College of Medicine and Health, University of Exeter, Royal Devon and Exeter Hospital, Exeter, EX2 5DW, UK.
Department of Pathology, Beth Israel Deaconess Medical Center, 330 Brookline-Avenue, Boston, Massachusetts, USA.
BMC Genomics. 2021 Jun 15;22(1):446. doi: 10.1186/s12864-021-07721-z.
The combination of sodium bisulfite treatment with highly-parallel sequencing is a common method for quantifying DNA methylation across the genome. The power to detect between-group differences in DNA methylation using bisulfite-sequencing approaches is influenced by both experimental (e.g. read depth, missing data and sample size) and biological (e.g. mean level of DNA methylation and difference between groups) parameters. There is, however, no consensus about the optimal thresholds for filtering bisulfite sequencing data with implications for the reproducibility of findings in epigenetic epidemiology.

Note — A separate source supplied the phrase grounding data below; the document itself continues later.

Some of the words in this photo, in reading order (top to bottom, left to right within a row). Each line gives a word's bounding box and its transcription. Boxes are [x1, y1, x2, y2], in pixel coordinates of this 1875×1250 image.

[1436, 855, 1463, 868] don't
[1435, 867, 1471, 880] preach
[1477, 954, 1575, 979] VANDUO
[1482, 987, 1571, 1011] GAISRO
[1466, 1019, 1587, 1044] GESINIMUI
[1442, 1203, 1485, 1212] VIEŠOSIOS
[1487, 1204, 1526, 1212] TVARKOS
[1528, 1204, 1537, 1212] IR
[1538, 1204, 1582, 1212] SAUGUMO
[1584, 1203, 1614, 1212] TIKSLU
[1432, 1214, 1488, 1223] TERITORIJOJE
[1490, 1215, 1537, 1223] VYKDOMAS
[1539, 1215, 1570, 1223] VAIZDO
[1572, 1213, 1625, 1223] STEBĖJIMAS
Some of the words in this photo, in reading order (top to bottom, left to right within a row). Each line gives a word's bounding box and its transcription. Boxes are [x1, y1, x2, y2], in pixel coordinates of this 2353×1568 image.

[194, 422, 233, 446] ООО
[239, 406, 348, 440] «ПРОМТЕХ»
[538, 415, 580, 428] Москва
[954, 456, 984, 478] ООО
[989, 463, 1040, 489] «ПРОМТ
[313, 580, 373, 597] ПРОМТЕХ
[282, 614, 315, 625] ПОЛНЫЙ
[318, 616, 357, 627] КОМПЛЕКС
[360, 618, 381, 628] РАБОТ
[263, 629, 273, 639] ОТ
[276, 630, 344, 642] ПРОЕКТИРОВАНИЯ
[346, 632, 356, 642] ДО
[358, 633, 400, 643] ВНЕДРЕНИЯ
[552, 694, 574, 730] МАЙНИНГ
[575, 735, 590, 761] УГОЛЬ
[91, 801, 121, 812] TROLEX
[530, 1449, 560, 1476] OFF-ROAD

We used a large reduced representation bisulfite sequencing (RRBS) dataset to assess the distribution of read depth across DNA methylation sites and the extent of missing data. To investigate how various study variables influence power to identify DNA methylation differences between groups, we developed a framework for simulating bisulfite sequencing data. As expected, sequencing read depth, group size, and the magnitude of DNA methylation difference between groups all impacted upon statistical power. The influence on power was not dependent on one specific parameter, but reflected the combination of study-specific variables. As a resource to the community, we have developed a tool, POWEREDBiSeq, which utilizes our simulation framework to predict study-specific power for the identification of DNAm differences between groups, taking into account user-defined read depth filtering parameters and the minimum sample size per group.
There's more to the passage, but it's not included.